= Beginning of Section =

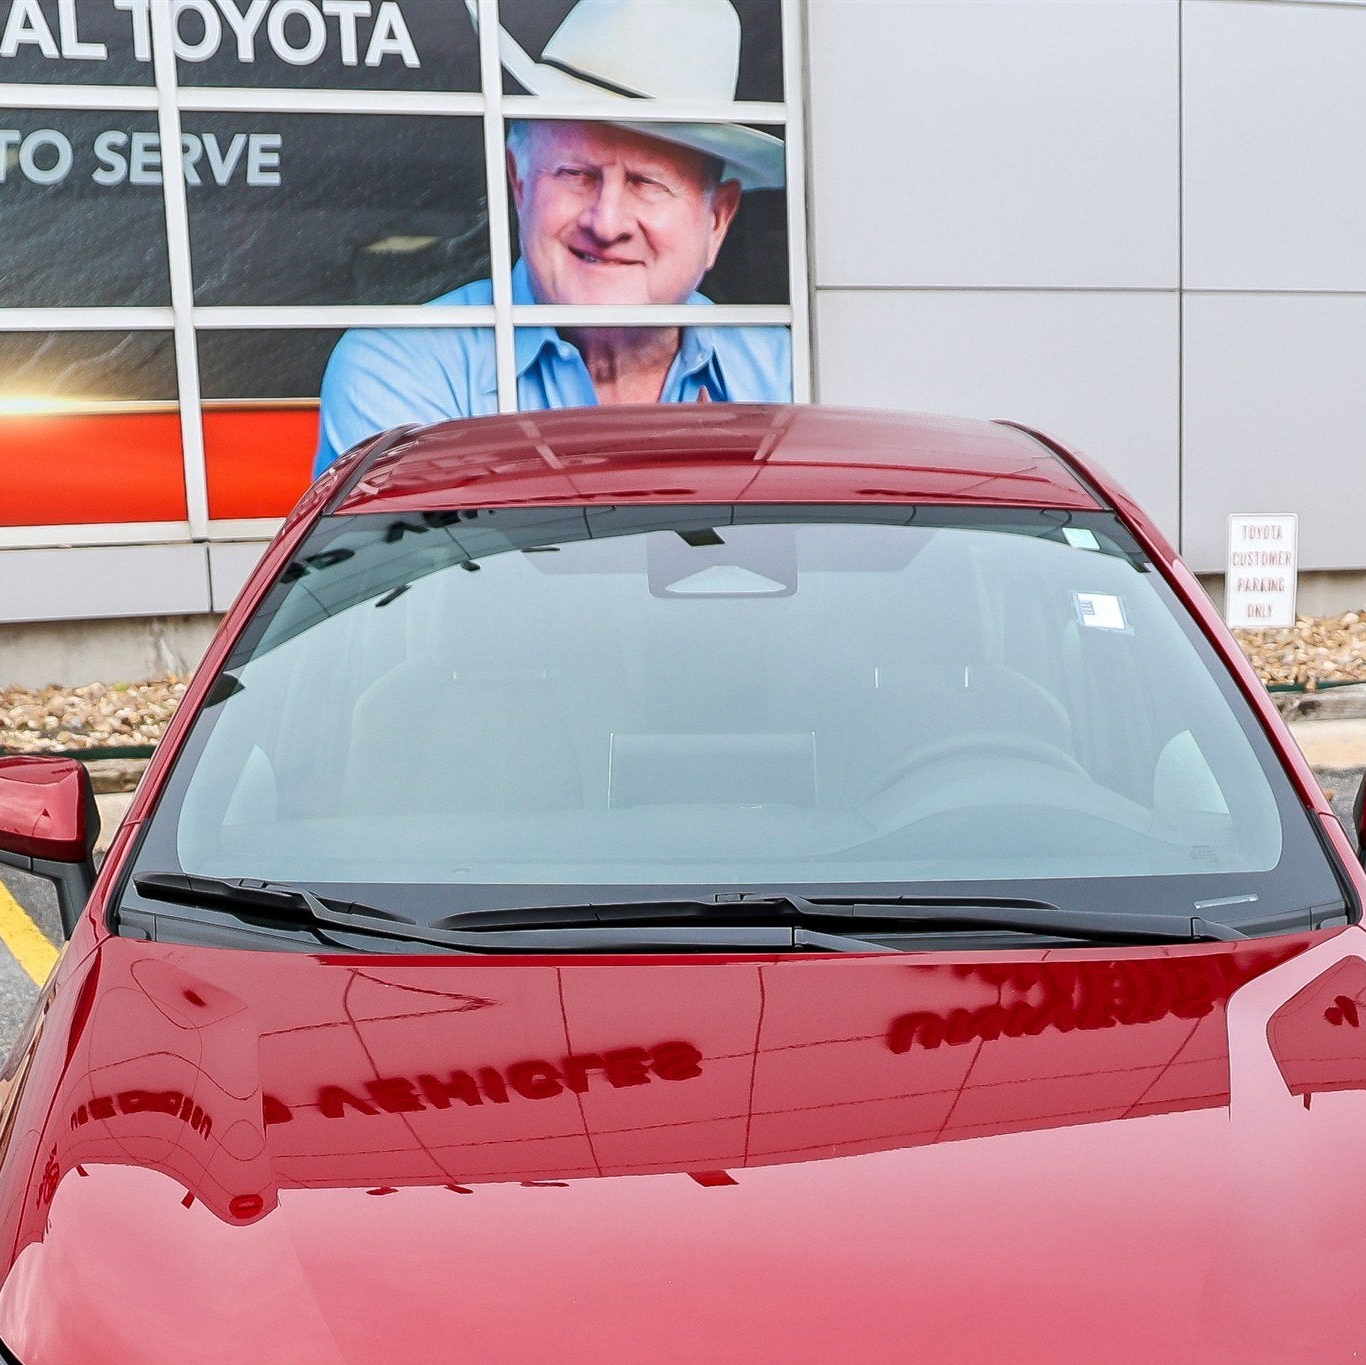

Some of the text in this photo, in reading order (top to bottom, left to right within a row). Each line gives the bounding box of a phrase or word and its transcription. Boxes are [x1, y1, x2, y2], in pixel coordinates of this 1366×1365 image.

[113, 0, 422, 68] TOYOTA
[91, 129, 283, 188] SERVE
[1242, 524, 1284, 540] TOYOTA
[1232, 550, 1292, 567] CUSTOMER
[1237, 576, 1285, 592] PARKING
[1246, 602, 1274, 618] ONLY
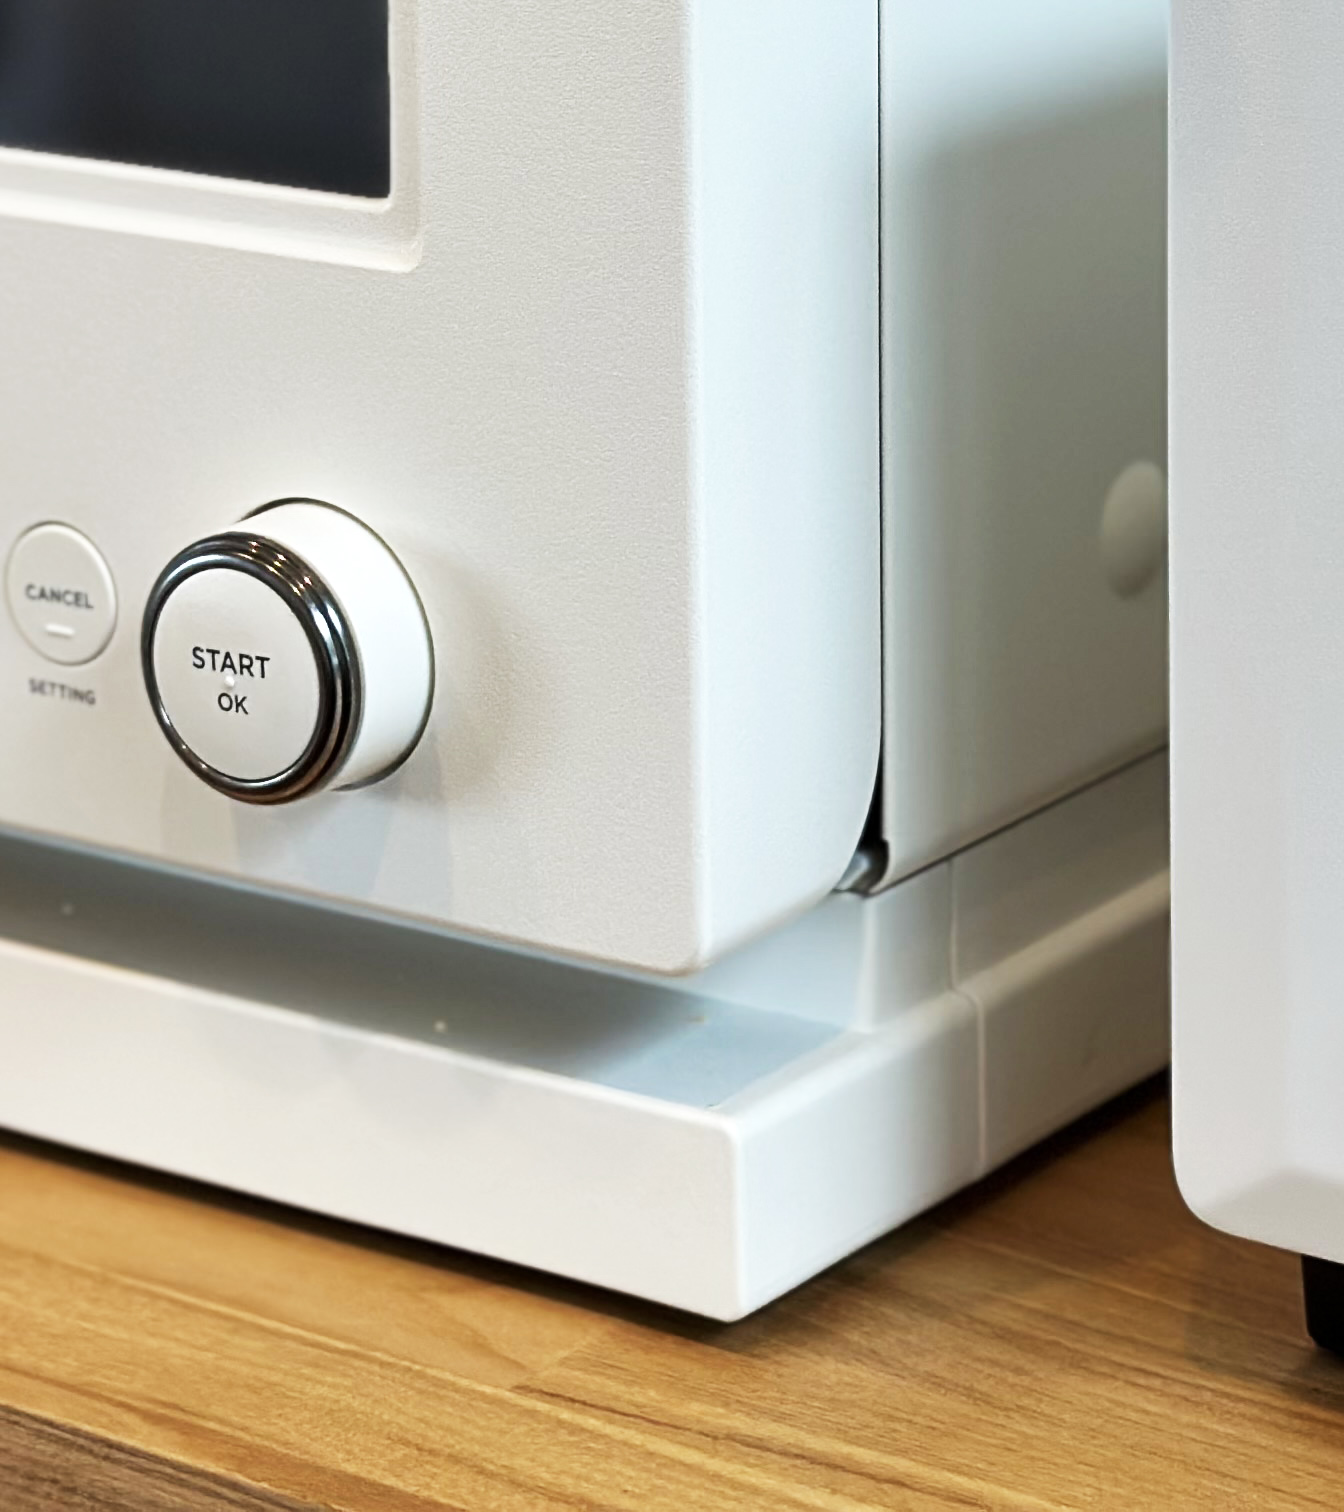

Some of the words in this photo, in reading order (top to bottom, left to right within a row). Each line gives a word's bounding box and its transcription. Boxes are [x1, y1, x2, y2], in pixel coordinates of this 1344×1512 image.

[24, 582, 95, 610] CANCEL
[191, 646, 271, 680] START
[27, 677, 97, 707] SETTING
[216, 691, 250, 716] OK

= End of Section =

== YOUR INSTRUCTIONS ==
Each record above needs to be copied exactly, with images left out.

== TASK OUTPUT ==
Some of the text in this photo, in reading order (top to bottom, left to right within a row). Each line gives the bounding box of a phrase or word and its transcription. Boxes are [x1, y1, x2, y2], in pixel coordinates of this 1366×1365 image.

[113, 0, 422, 68] TOYOTA
[91, 129, 283, 188] SERVE
[1242, 524, 1284, 540] TOYOTA
[1232, 550, 1292, 567] CUSTOMER
[1237, 576, 1285, 592] PARKING
[1246, 602, 1274, 618] ONLY

Some of the words in this photo, in reading order (top to bottom, left to right within a row). Each line gives a word's bounding box and its transcription. Boxes are [x1, y1, x2, y2], in pixel coordinates of this 1344×1512 image.

[24, 582, 95, 610] CANCEL
[191, 646, 271, 680] START
[27, 677, 97, 707] SETTING
[216, 691, 250, 716] OK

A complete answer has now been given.